Throughout time, humans have murdered each other in the worst ways imaginable. The most horrifying type of murder is genocide: ‘the complete extermination of an entire race of people’. In the Second World War, Hitler decided that genocide was the only way to handle the problem of the Jewish people. He believed that the Jewish people were the cause of many societal problems and he resented them because of their financial success. Hitler made the Jewish people scapegoats for the people of Germany to blame for their overall unhappy state. The Jews were convenient to blame and soon they were hated by almost all of the German population. As the publisher of the Nazi newspaper Der Sturmer put it, "The Jewish people ought to be exterminated root and branch. Then the plague of pests would have disappeared in Poland at one stroke." (Keegan, John. The Second World War. New York: Viking Penguin Group, 1990.)
When the Nazi party took over Germany, Adolph Hitler was selected to be the leader of this new regime. Hitler immediately started to strip away the rights of the Jewish people living in Germany and its controlled territories. For example, in 1937, the Jews were banned from many occupations such as teaching, accounting, and dentistry. Other rights such as tax reductions and child allowances were taken from the Jews. Jewish students were even kicked out of German schools and forced to attend all-Jewish schools. This was all part of Hitler's very secret Final Solution. Though this solution was not fully plotted, its essential purpose was Hitler's intention to kill every Jew. Hitler needed help devising a plan on how to accomplish this goal.

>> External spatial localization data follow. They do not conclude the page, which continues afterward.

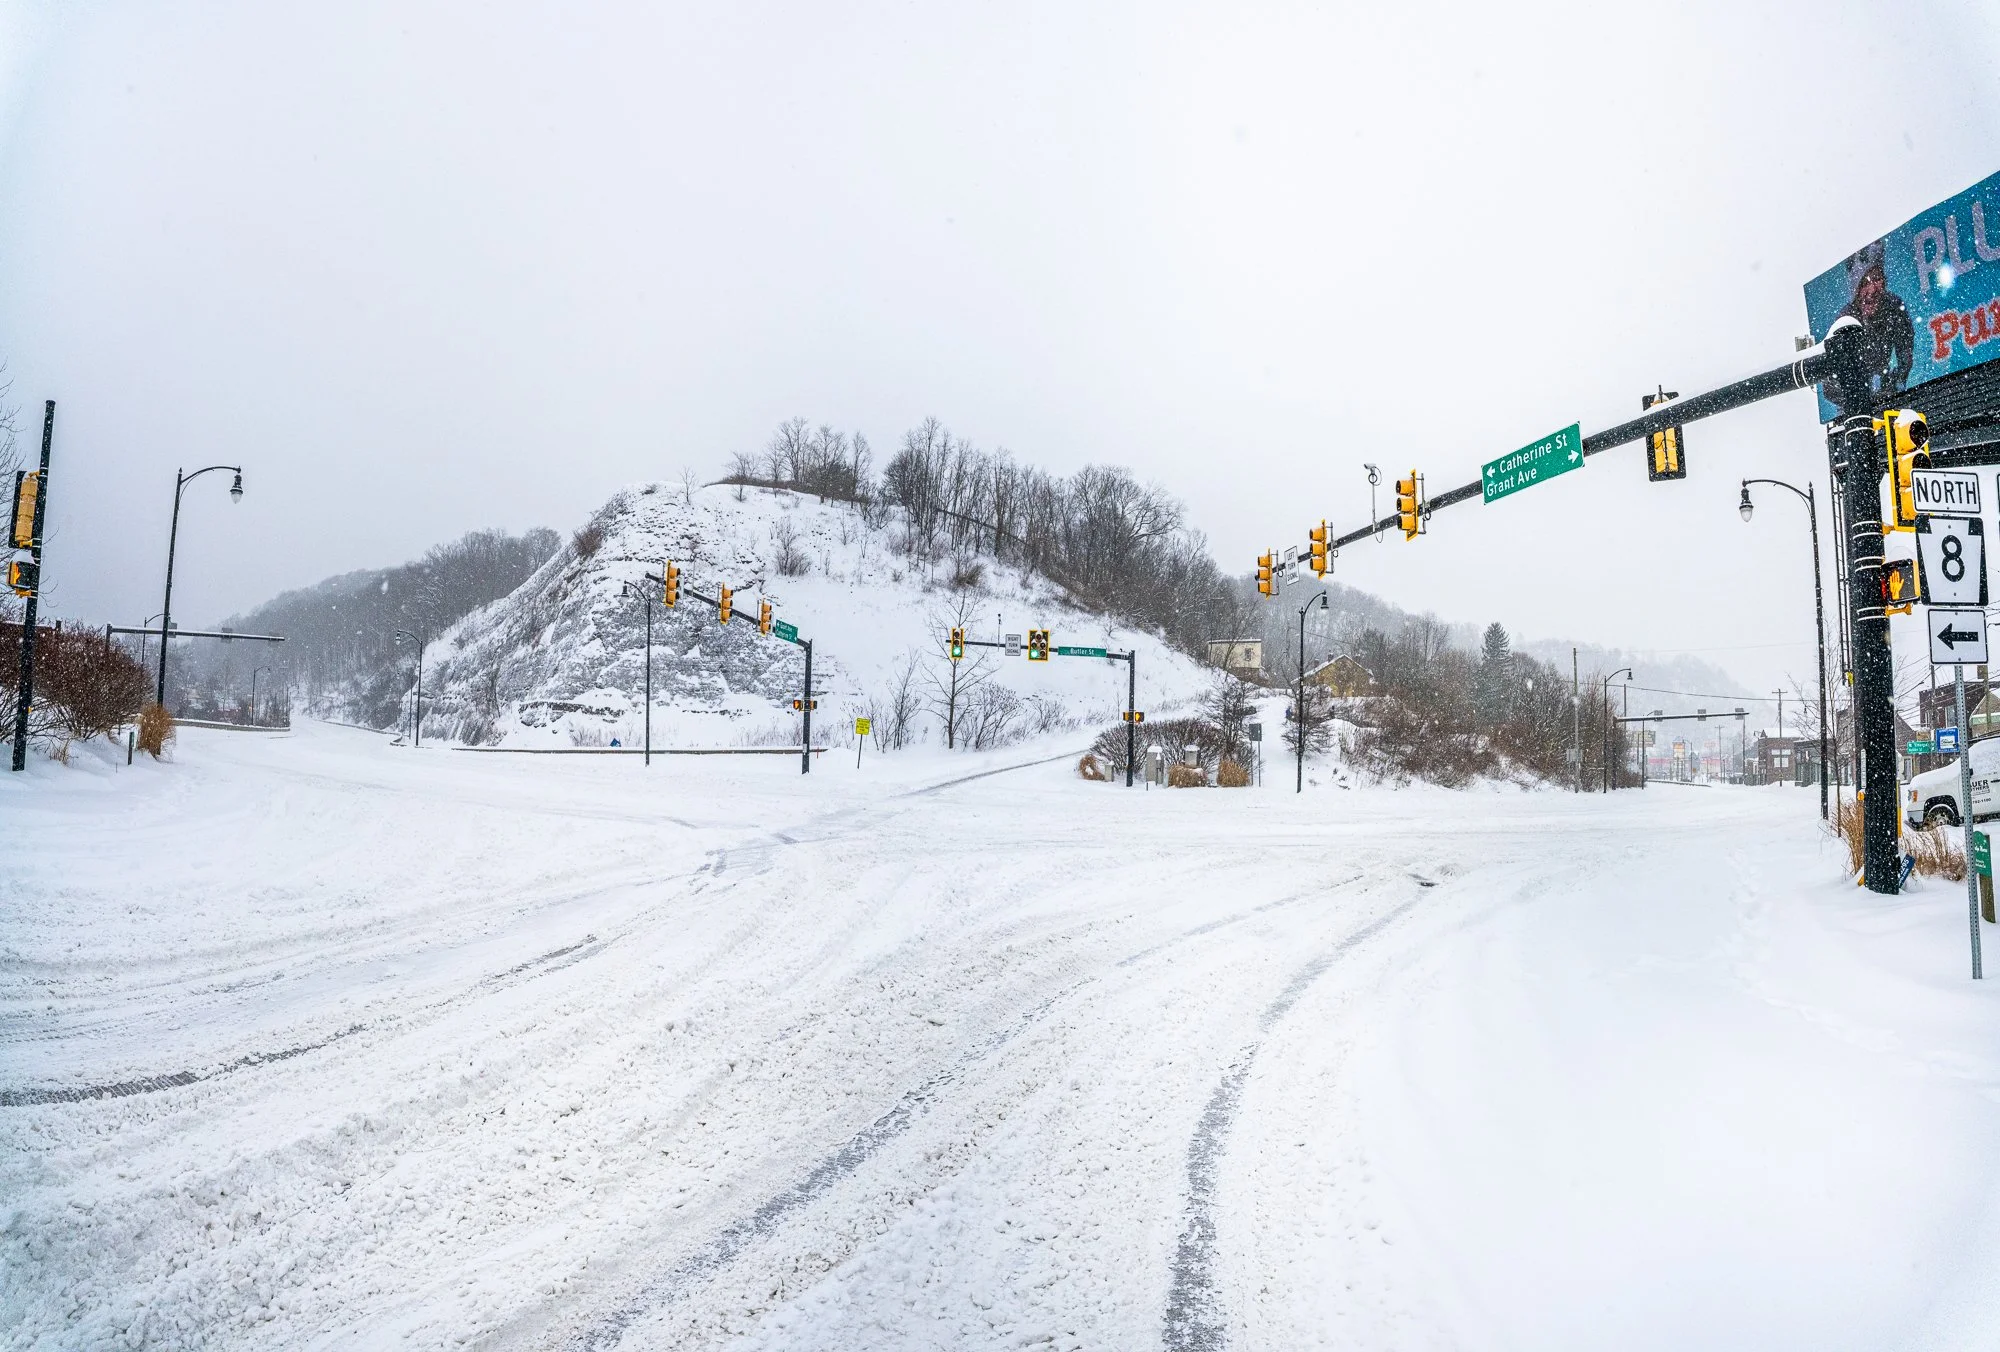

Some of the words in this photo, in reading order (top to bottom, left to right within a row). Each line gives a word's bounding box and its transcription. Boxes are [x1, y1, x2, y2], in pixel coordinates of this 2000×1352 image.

[1500, 442, 1552, 473] Catherine
[1555, 433, 1568, 450] St
[1486, 475, 1515, 497] Grant
[1517, 467, 1537, 486] Ave
[1915, 477, 1978, 505] NORTH
[1941, 534, 1966, 583] 8

What should the Nazi Party do to get rid of the Jews? This was the question that occupied Hitler's mind. Hitler did not come up with the solution to the "Jewish question" himself, he had trustworthy people working on the solution for him. Hermann Goring was given the job of planning extermination without drawing the world's attention to the killing that would take place.
At first, nobody knew about the plan to exterminate the Jews besides Hitler and his very close advisors. Slowly the news got out and other government people gradually became aware of what was going on. The whole Nazi government soon knew about the plan that Hitler was trying to carry out.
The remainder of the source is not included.